Sin embargo, el problema no se queda ahí, porque el ser humano en todos los niveles es curioso. Como ciudadanos, nos quejamos de lo que pasa en la esfera política mientras nos pasamos un alto, o después de dar mordida para evitar una multa. No somos capaces de cruzar la calle por donde está indicado “porque llevo prisa”, pero nos quejamos airadamente del ex-gobernador que fue expuesto robando millones. Estamos tan poco organizados que las manifestaciones callejeras las vemos como una molestia, no como una acción en pro del bienestar común; y es que las marchas y bloqueos se han vuelto tan cosa de todos los días, que es tiempo de juzgar si realmente sirven para algo más allá de arruinar el día para los miles de automovilistas y transeúntes.

Tenemos tan poco respeto por el prójimo, que ni siquiera somos capaces de entender cómo se usan unas escaleras eléctricas (lado derecho para los que suben pasivamente, lado izquierdo para los que suben activamente). Somos tan egoístas que no sabemos ceder el lugar en el tráfico, en la fila o en la calle, y preferimos provocar un caos que ayudar al de junto. Somos tan inconscientes como para quejarnos por las inundaciones mientras tiramos la colilla del cigarro al drenaje. ¿Lo peor de todo? Somos una raza tan “agachada” que preferimos exaltar al extranjero mientras maltratamos a nuestros compatriotas.

México es un país increíble. Tiene acceso a dos océanos y, por ende, sus playas son hermosas, su territorio está lleno de naturaleza: selva, bosque, desierto; hay para todos los gustos.

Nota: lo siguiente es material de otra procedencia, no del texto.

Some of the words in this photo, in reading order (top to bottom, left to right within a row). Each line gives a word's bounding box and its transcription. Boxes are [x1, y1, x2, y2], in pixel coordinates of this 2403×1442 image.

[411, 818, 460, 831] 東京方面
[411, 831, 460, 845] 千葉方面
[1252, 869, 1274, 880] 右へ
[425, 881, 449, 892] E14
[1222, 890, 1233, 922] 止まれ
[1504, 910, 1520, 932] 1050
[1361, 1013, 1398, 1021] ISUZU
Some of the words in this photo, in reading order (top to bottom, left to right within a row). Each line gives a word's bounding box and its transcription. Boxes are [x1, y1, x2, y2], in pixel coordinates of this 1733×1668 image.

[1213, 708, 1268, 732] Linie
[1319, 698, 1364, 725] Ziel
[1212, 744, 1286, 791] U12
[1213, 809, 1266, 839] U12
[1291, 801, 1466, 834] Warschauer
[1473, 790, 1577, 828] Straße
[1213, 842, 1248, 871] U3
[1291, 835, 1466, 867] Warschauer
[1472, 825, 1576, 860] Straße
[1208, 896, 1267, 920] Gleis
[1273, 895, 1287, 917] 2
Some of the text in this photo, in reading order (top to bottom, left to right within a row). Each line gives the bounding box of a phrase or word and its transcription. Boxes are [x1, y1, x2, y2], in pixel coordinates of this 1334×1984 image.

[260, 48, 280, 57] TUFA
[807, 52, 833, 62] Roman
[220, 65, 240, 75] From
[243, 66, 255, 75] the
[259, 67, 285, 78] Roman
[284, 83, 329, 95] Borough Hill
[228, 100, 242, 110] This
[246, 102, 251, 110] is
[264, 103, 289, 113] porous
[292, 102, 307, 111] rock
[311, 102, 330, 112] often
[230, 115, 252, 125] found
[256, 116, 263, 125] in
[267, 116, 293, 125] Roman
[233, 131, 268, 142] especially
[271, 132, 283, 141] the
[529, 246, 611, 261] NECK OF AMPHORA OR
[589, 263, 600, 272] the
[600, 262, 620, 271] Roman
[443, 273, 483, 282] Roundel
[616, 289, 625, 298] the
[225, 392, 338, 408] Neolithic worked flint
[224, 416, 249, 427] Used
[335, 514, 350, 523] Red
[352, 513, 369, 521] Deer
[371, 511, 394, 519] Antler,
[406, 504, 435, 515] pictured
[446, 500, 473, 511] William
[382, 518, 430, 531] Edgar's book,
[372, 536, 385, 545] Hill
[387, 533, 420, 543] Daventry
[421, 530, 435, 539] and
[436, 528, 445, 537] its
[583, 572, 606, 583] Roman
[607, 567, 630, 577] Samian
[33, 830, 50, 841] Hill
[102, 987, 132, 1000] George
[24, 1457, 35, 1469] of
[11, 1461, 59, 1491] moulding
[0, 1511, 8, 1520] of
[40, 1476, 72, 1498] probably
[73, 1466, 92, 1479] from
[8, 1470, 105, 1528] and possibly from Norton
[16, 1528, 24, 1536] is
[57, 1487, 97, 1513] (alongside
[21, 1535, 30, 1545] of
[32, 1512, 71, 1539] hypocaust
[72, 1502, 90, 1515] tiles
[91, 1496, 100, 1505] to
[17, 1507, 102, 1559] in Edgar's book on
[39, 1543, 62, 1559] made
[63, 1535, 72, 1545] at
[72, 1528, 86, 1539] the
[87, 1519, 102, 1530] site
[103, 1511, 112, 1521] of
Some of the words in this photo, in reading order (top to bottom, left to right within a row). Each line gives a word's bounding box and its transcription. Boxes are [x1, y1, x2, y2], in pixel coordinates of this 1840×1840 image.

La historia es mucho más que rica, somos herederos de culturas que, incluso hoy, son admiradas en el mundo entero. El problema es que la gente que lo habitamos pareciera que tenemos la consigna de hacer todo lo posible por denostar todo lo bueno que hay, y por más promoción que se haga a los lugares que abundan en cada rincón del territorio mexicano, siempre habrá uno de nosotros que, viralidad de por medio, recordará al mundo entero que la única razón por la que seguimos siendo tercermundistas es por la gente misma.

Si desde abajo no hacemos lo posible por dejar a un lado el egoísmo que nos tiene atorados en el fango social y político, ¿cómo esperamos que los de arriba actúen distinto? Todo, absolutamente todo, tiene solución, pero si queremos un cambio rápido, la frustración hará mella en nosotros y será imposible llegar a ningún lado. Poco a poco, con acciones individuales, con educación y valores y, sobre todo, con un sentido de colectividad, algún día dejaremos de ser el problema que ahoga a este gran país en la peor de las crisis, apenas en los albores de un nuevo milenio.

Que por fin se vuelva realidad lo que la famosa banda Molotov dijo en una de sus canciones más famosas: Si nos pintan como unos huevones; no lo somos, ¡Viva México Cabrones!